▶ Your goal
Restate the data below word for word. Leave the images out.

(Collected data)

========================

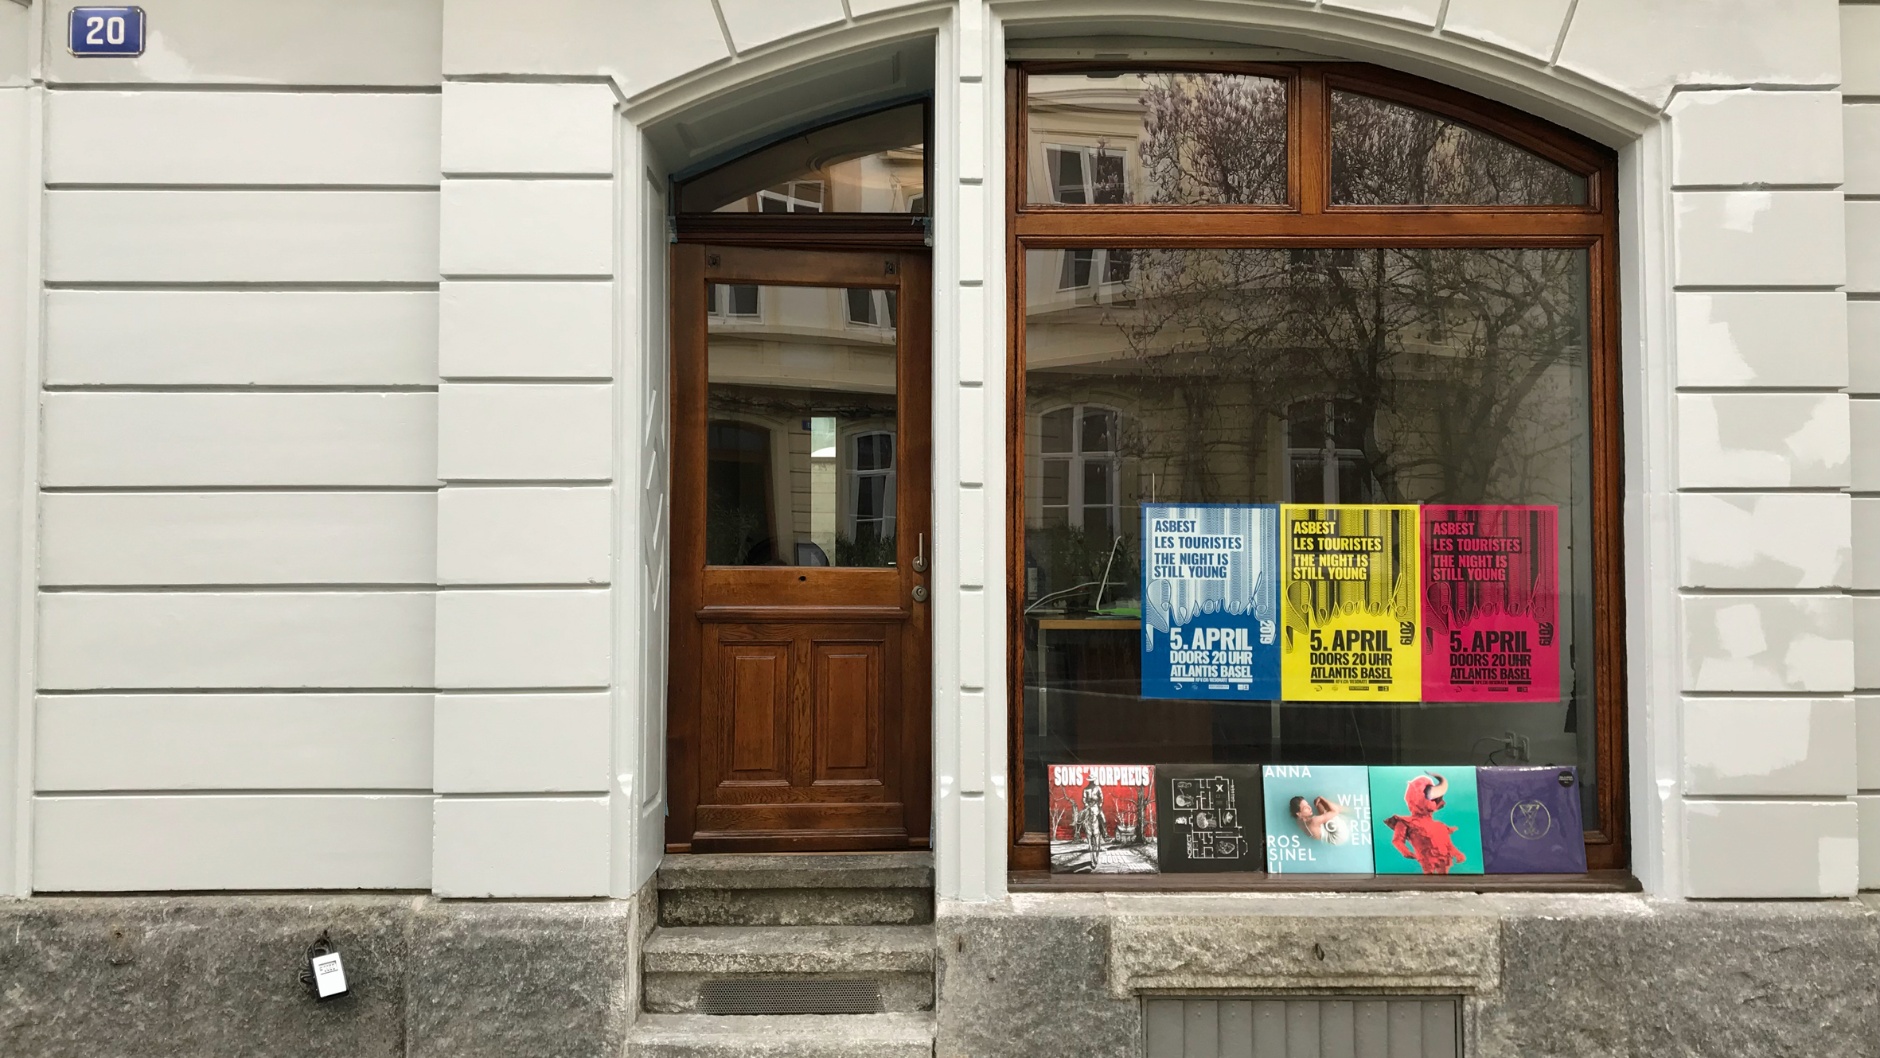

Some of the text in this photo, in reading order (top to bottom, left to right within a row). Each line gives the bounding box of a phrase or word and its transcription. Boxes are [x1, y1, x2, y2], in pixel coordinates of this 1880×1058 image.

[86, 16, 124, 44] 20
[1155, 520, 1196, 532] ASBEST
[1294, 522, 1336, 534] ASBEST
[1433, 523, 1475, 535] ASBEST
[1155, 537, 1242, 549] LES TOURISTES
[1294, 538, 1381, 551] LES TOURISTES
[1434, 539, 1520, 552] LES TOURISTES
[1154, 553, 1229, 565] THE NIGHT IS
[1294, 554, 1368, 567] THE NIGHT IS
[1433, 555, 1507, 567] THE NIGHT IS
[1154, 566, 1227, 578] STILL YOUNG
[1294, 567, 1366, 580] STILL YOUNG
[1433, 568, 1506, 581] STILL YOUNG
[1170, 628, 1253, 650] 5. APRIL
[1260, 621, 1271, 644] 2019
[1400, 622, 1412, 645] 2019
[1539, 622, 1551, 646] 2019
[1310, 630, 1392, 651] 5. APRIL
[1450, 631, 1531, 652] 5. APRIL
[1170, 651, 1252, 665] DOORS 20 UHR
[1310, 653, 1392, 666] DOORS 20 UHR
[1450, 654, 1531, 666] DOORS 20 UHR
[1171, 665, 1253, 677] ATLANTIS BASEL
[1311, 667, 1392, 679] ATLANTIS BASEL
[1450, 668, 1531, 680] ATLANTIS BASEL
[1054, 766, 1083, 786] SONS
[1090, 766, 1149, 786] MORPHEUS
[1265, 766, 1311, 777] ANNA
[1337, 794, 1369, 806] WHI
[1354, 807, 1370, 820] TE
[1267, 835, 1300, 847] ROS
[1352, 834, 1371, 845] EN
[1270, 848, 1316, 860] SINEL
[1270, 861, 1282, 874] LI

========================

▶ Solution to the exercise
Some of the text in this photo, in reading order (top to bottom, left to right within a row). Each line gives the bounding box of a phrase or word and its transcription. Boxes are [x1, y1, x2, y2], in pixel coordinates of this 1880×1058 image.

[86, 16, 124, 44] 20
[1155, 520, 1196, 532] ASBEST
[1294, 522, 1336, 534] ASBEST
[1433, 523, 1475, 535] ASBEST
[1155, 537, 1242, 549] LES TOURISTES
[1294, 538, 1381, 551] LES TOURISTES
[1434, 539, 1520, 552] LES TOURISTES
[1154, 553, 1229, 565] THE NIGHT IS
[1294, 554, 1368, 567] THE NIGHT IS
[1433, 555, 1507, 567] THE NIGHT IS
[1154, 566, 1227, 578] STILL YOUNG
[1294, 567, 1366, 580] STILL YOUNG
[1433, 568, 1506, 581] STILL YOUNG
[1170, 628, 1253, 650] 5. APRIL
[1260, 621, 1271, 644] 2019
[1400, 622, 1412, 645] 2019
[1539, 622, 1551, 646] 2019
[1310, 630, 1392, 651] 5. APRIL
[1450, 631, 1531, 652] 5. APRIL
[1170, 651, 1252, 665] DOORS 20 UHR
[1310, 653, 1392, 666] DOORS 20 UHR
[1450, 654, 1531, 666] DOORS 20 UHR
[1171, 665, 1253, 677] ATLANTIS BASEL
[1311, 667, 1392, 679] ATLANTIS BASEL
[1450, 668, 1531, 680] ATLANTIS BASEL
[1054, 766, 1083, 786] SONS
[1090, 766, 1149, 786] MORPHEUS
[1265, 766, 1311, 777] ANNA
[1337, 794, 1369, 806] WHI
[1354, 807, 1370, 820] TE
[1267, 835, 1300, 847] ROS
[1352, 834, 1371, 845] EN
[1270, 848, 1316, 860] SINEL
[1270, 861, 1282, 874] LI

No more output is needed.